[Referring expression grounding data]
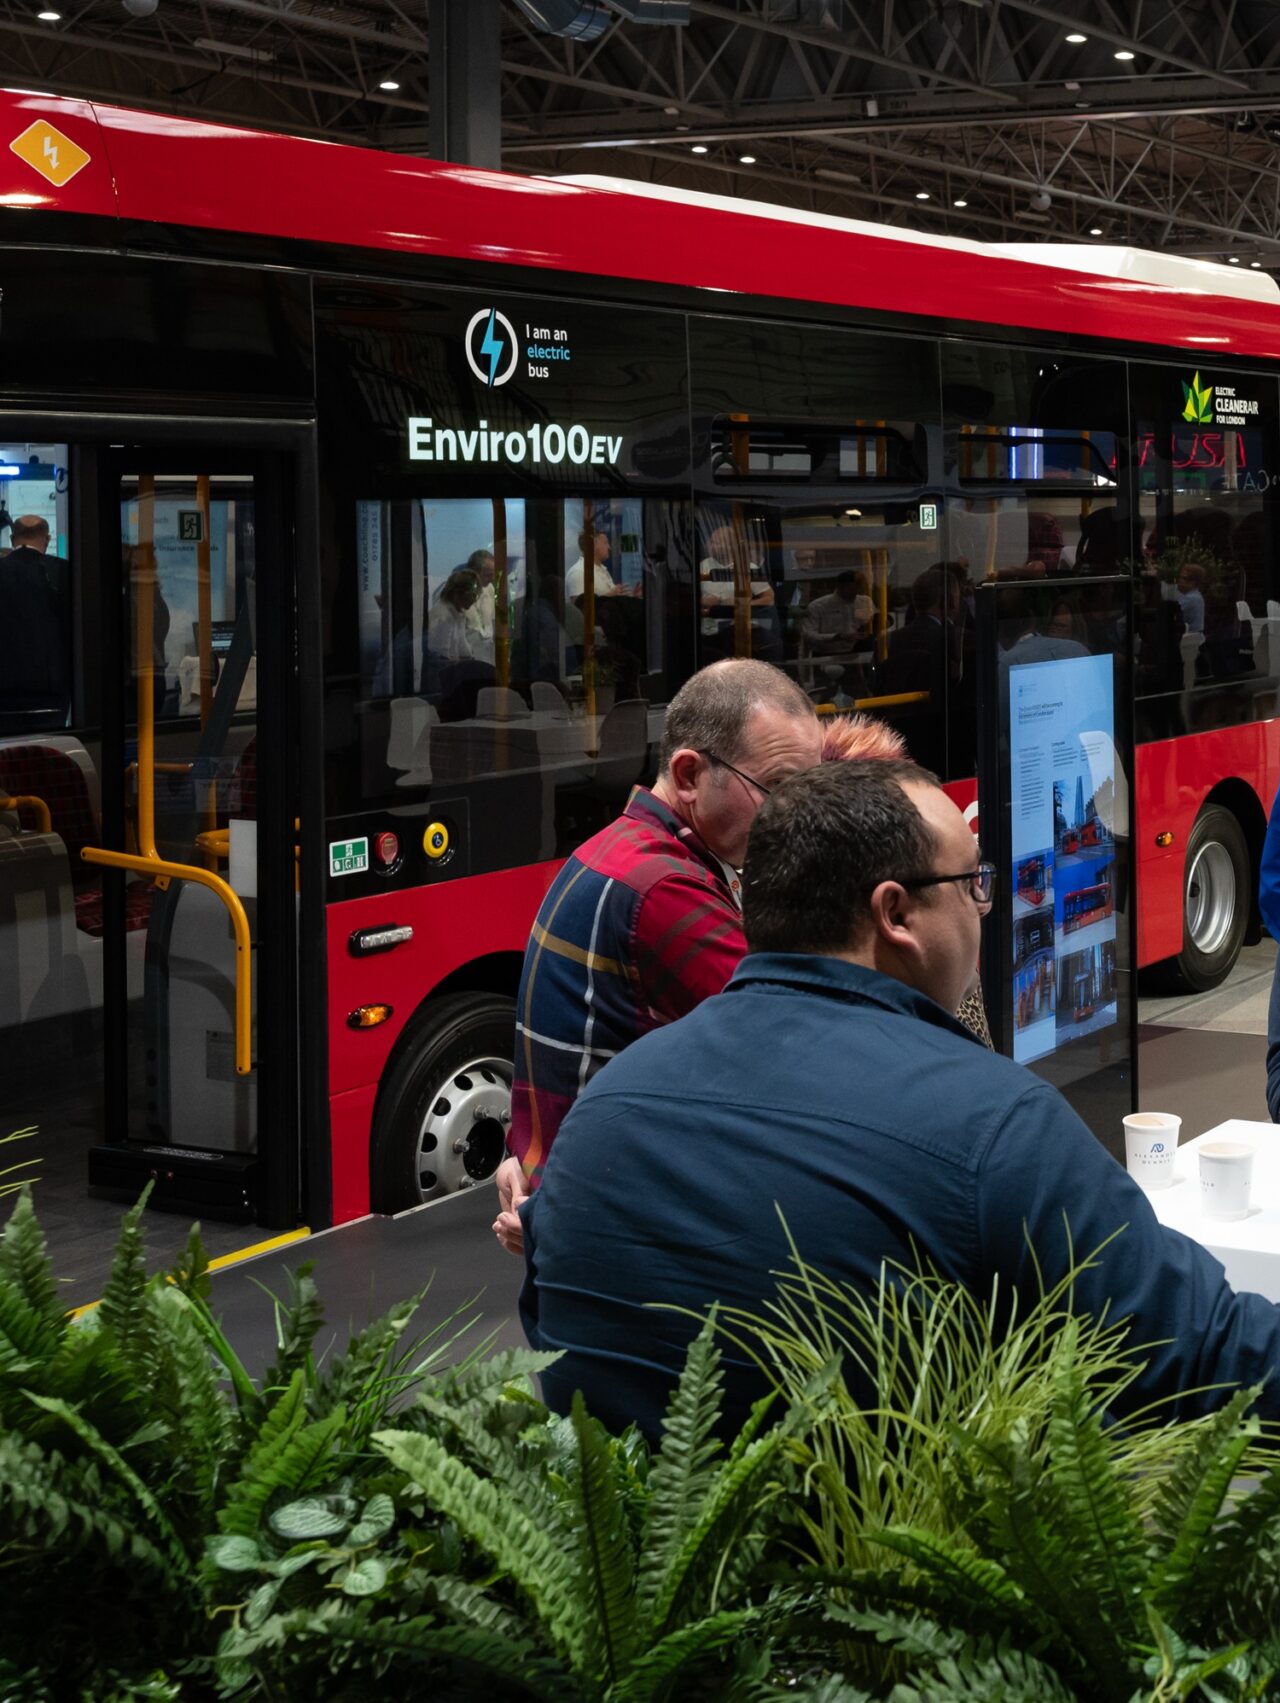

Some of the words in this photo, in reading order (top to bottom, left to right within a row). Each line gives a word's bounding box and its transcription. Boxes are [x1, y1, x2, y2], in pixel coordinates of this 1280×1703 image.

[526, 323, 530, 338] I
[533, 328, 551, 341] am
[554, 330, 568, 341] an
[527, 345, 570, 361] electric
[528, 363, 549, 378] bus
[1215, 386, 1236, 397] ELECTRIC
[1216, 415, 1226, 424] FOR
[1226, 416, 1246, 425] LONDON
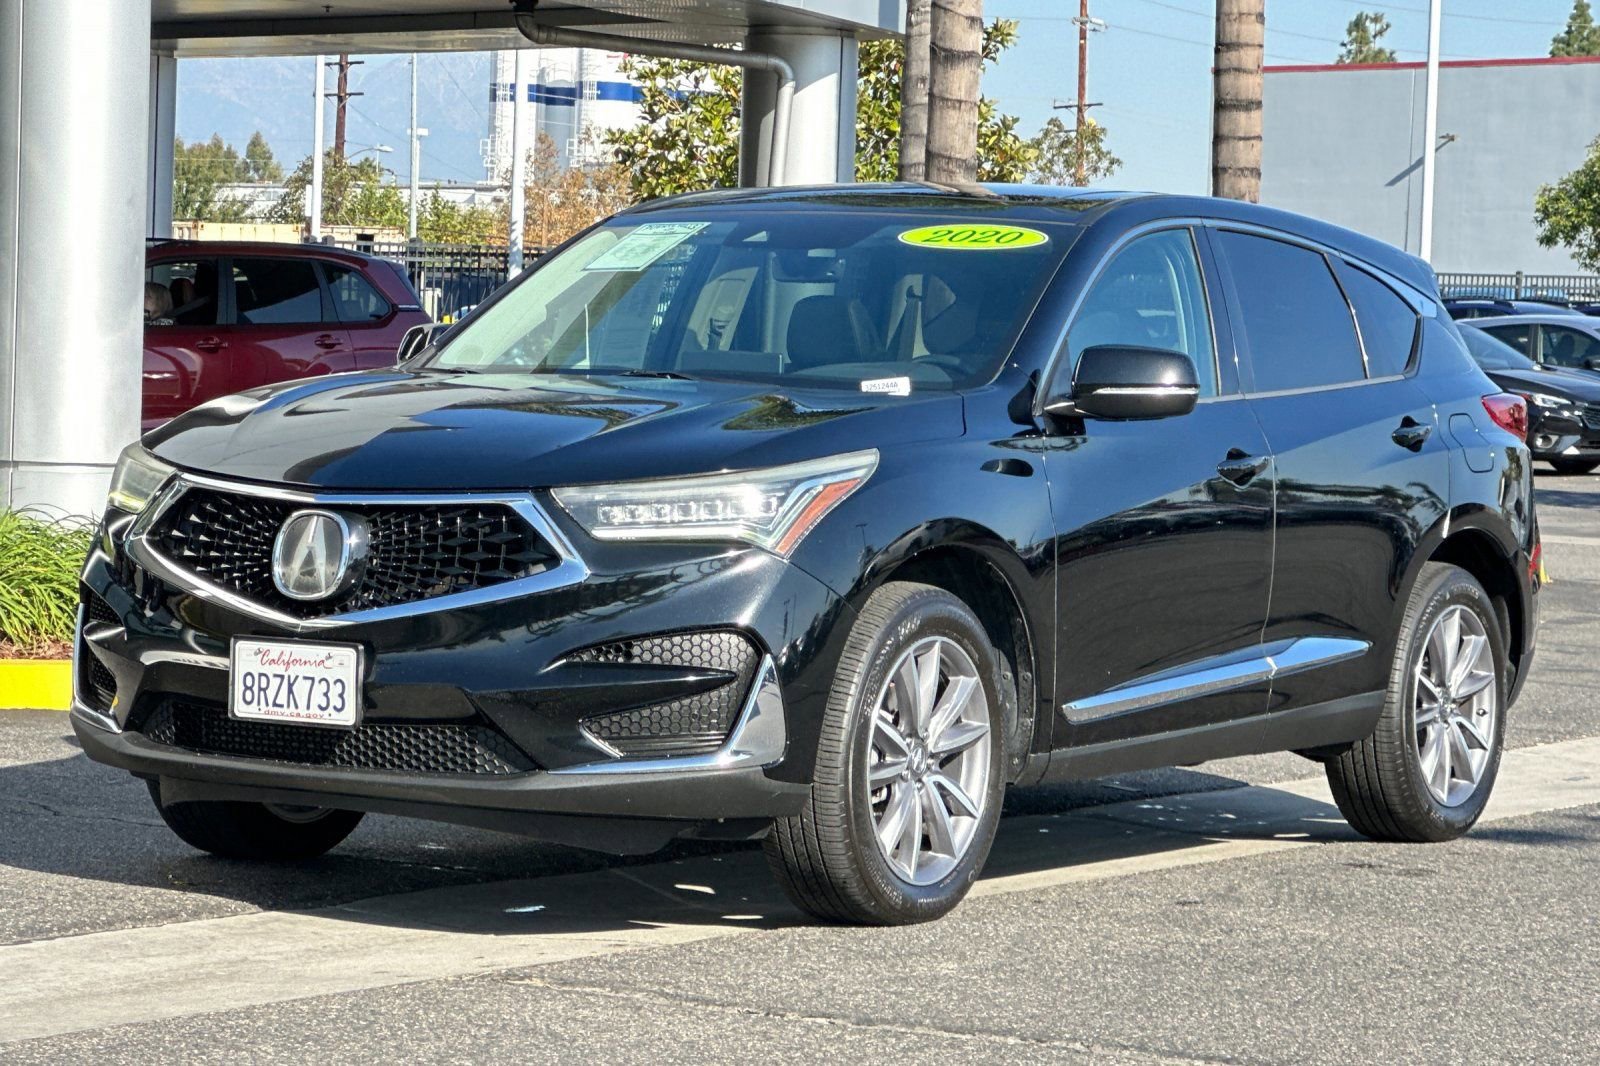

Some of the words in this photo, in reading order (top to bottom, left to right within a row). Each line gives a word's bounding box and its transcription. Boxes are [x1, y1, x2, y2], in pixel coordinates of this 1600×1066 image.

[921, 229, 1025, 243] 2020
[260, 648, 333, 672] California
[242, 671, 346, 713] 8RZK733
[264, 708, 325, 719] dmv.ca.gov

▸ **WHAT THIS TASK INVOLVES**
Return the line that contains "this 1600×1066 image." along with every line after it through the end of the entries, exactly, adding nothing.

▸ **EXPECTED OUTPUT**
Some of the words in this photo, in reading order (top to bottom, left to right within a row). Each line gives a word's bounding box and its transcription. Boxes are [x1, y1, x2, y2], in pixel coordinates of this 1600×1066 image.

[921, 229, 1025, 243] 2020
[260, 648, 333, 672] California
[242, 671, 346, 713] 8RZK733
[264, 708, 325, 719] dmv.ca.gov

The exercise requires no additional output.